By Jim Shilander
The San Clemente City Council unanimously approved allowing leashed dogs into 10 additional city parks Tuesday, an increase from the current two.
Beaches, Parks and Recreation Director Sharon Heider noted that there had been a great deal of “passionate discussion” on the issue, from both sides, in considering the proposal. According to the new rules, dogs will be allowed on leashes in the additional parks. Citations for failure to pick up dog waste will be increased to $100 from $50, and could be increased if the owner is found to be guilty more than once. No dog beach access was included as a part of the proposal. Dogs will also not be permitted in playground areas.
Heider said the parks identified for access were dispersed throughout the city, so as to not overwhelm certain parks. They were also used less frequently for recreational sports, she said.

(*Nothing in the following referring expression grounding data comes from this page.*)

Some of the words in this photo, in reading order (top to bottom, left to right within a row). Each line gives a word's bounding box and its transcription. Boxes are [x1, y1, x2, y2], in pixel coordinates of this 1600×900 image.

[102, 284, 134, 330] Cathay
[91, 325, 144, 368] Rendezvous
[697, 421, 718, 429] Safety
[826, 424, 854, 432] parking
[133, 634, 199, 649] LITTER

The city did not include monies to pay for dog waste bag stations at the parks themselves. Heider told the council that the city had found that providing bags does not necessarily mean that waste would be picked up more often, such as on the Beach Trail. Heider said providing the bags is ultimately the responsibility of the dog owners themselves, and that the city has found peer pressure to be an effective way to get people to take care of the problem.
Resident Gregg Lipanovich said he favored the proposal. The council had erred in previously limiting the dogs to two parks after a successful pilot program there, he said.

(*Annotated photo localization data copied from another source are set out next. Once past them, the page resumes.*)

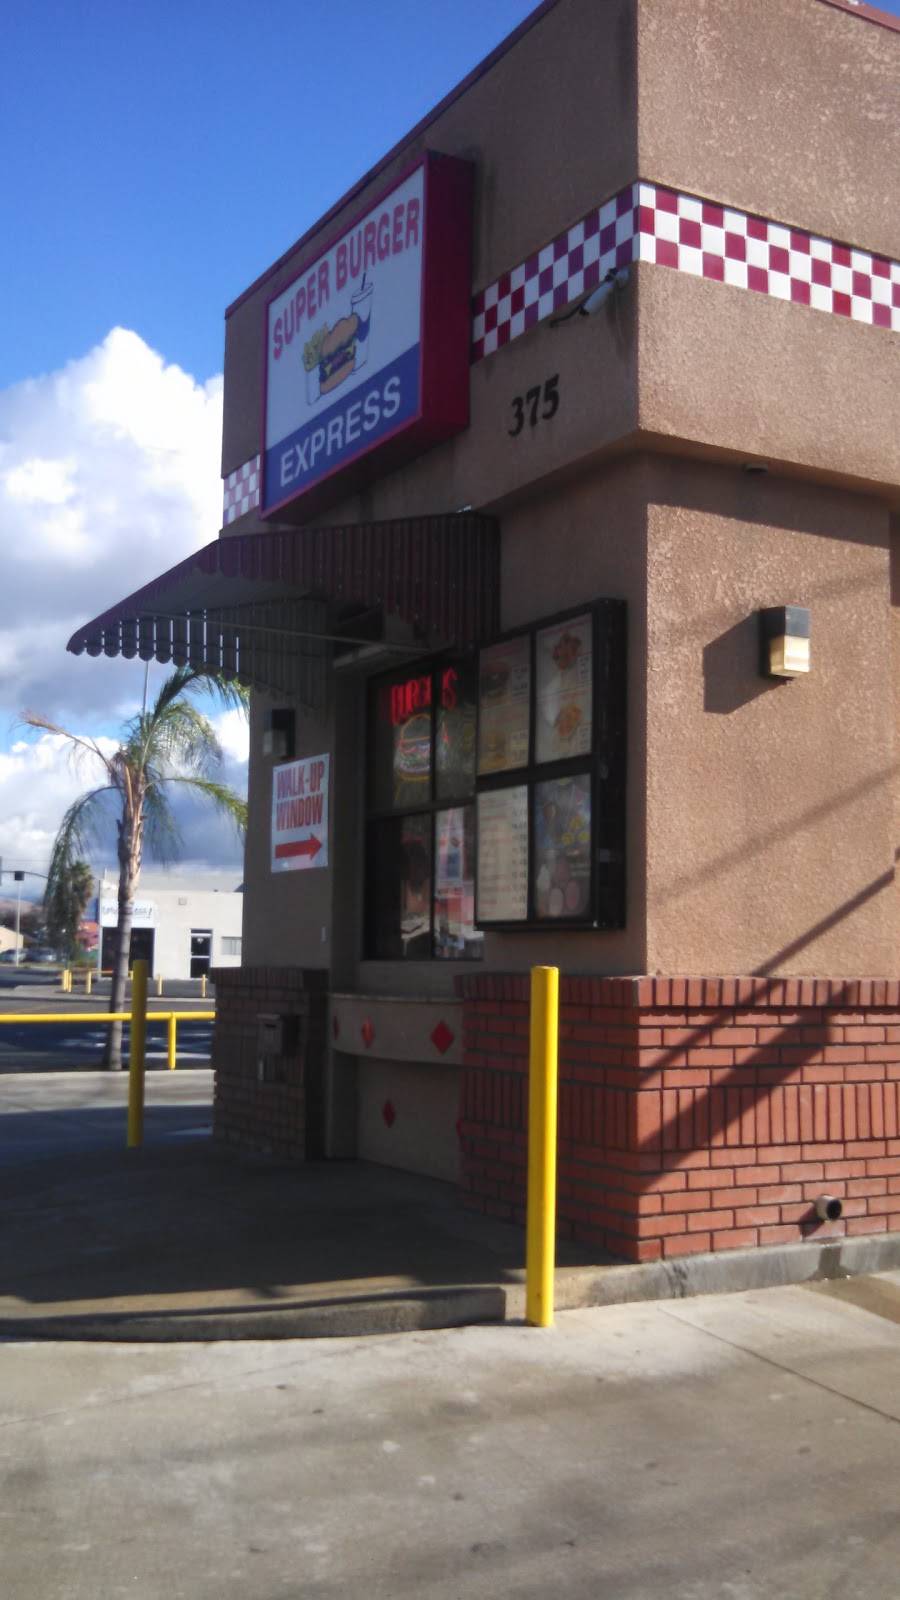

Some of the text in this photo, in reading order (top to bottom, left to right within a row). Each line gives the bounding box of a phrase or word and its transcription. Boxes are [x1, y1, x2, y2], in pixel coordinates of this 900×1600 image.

[273, 198, 420, 360] SUPER BURGER
[280, 376, 401, 487] EXPRESS
[508, 373, 560, 437] 375
[276, 793, 324, 831] WINDOW
[277, 760, 325, 800] WALK-UP
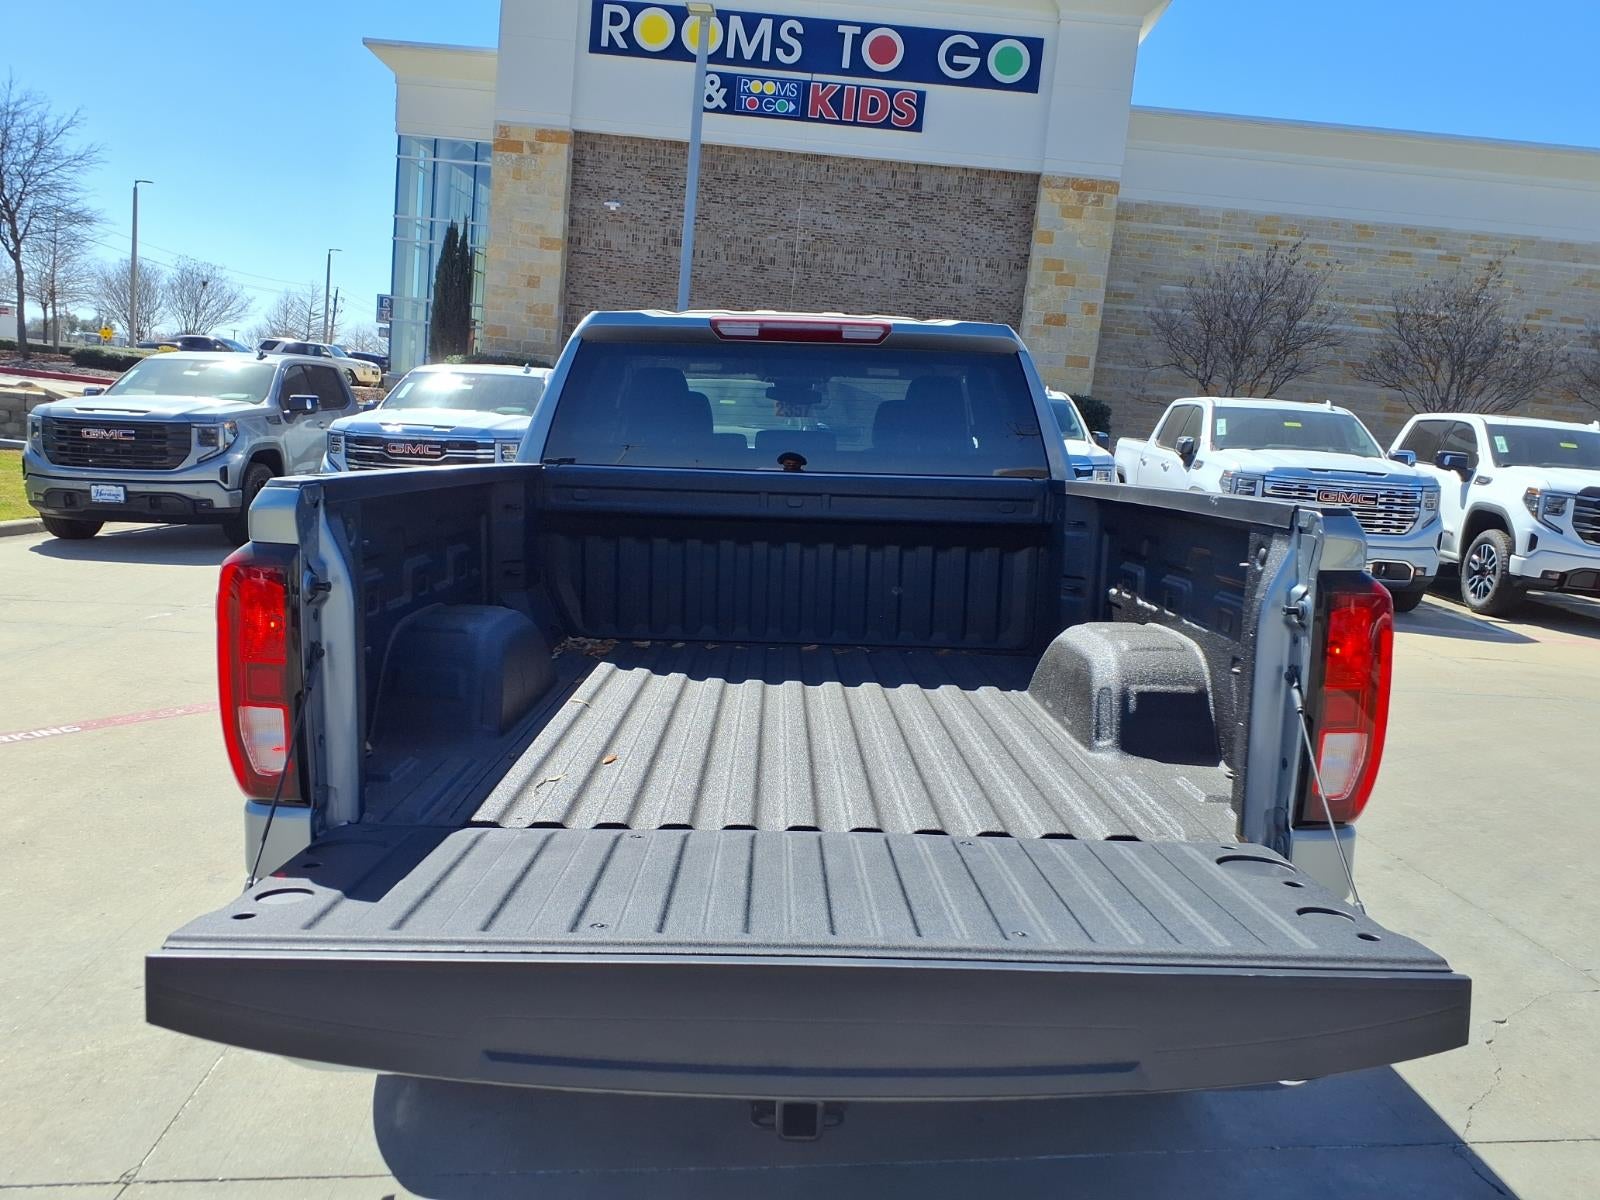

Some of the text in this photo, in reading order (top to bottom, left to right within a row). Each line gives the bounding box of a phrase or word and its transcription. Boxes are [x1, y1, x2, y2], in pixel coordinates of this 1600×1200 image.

[600, 3, 1030, 83] ROOMS TO GO
[703, 73, 728, 109] &
[740, 79, 798, 97] ROOMS
[740, 96, 789, 113] TO GO
[808, 82, 918, 127] KIDS
[81, 428, 136, 440] GMC
[387, 442, 441, 455] GMC
[1319, 490, 1377, 505] GMC

Resident Mark Slater agreed. He said many residents with dogs simply flouted city rules anyway and were more likely to not pick up after their dogs if they weren’t allowed in parks.
“The way of pushing back (against the city) is to leave it (the waste),” Slater noted. He actually advocated allowing for dogs to access city beaches as well. However, he said the effort could be helped if the city provided bags.

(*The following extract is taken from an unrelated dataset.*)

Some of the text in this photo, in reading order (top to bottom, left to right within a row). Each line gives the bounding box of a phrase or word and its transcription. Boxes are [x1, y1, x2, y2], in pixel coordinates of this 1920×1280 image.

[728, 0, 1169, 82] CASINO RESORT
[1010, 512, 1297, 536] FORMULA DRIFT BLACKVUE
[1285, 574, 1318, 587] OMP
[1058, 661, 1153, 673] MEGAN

Other residents, however, spoke in opposition.
Curly Snider told the council that he had seen too much dog waste along the Beach Trail, where bags were provided by the city, as well as in Forster Ranch. Snider said as a non-dog owner, he resented having to pay for bags only some owners would use. Snider asked the council to scale back the proposal to five parks.
Another resident, Hugh Limebrook, asked the council to consider the effect of additional fecal runoff into the ocean. He noted the pollution near the state park, where owners routinely let there dogs off leashes. As a surf community of note, he said, the city was doing a disservice to those who used the water for recreation by approving the proposal.
Council member Lori Donchak said she saw the increased access as a way of potentially getting people to think more about the city’s dog licensing program, perhaps seeing it as more of a responsibility to keep the parks clean. Fellow council member Tim Brown said he opposed future beach access, but felt the parks were “an untapped reserve,” for dog owners.
Council member Chris Hamm suggested revisiting the bag issue in future years if funding sources could be found. Heider noted that the city could also consider fenced dog runs in certain parks in the future, which would allow dogs to go off-leash in fenced-in areas.
Dogs are currently allowed in Mira Costa Park and Verde Park and will continue to be. The new parks to allow for leashed dogs include: Bonito Canyon Bicentennial Park, Leslie Park, Linda Lane Park, Max Berg Plaza Park, Marblehead Inland, Parque Del Mar (excludes Park Semper Fi), Rancho San Clemente Park, San Luis Rey Park, Talega Park and Tierra Grande Park.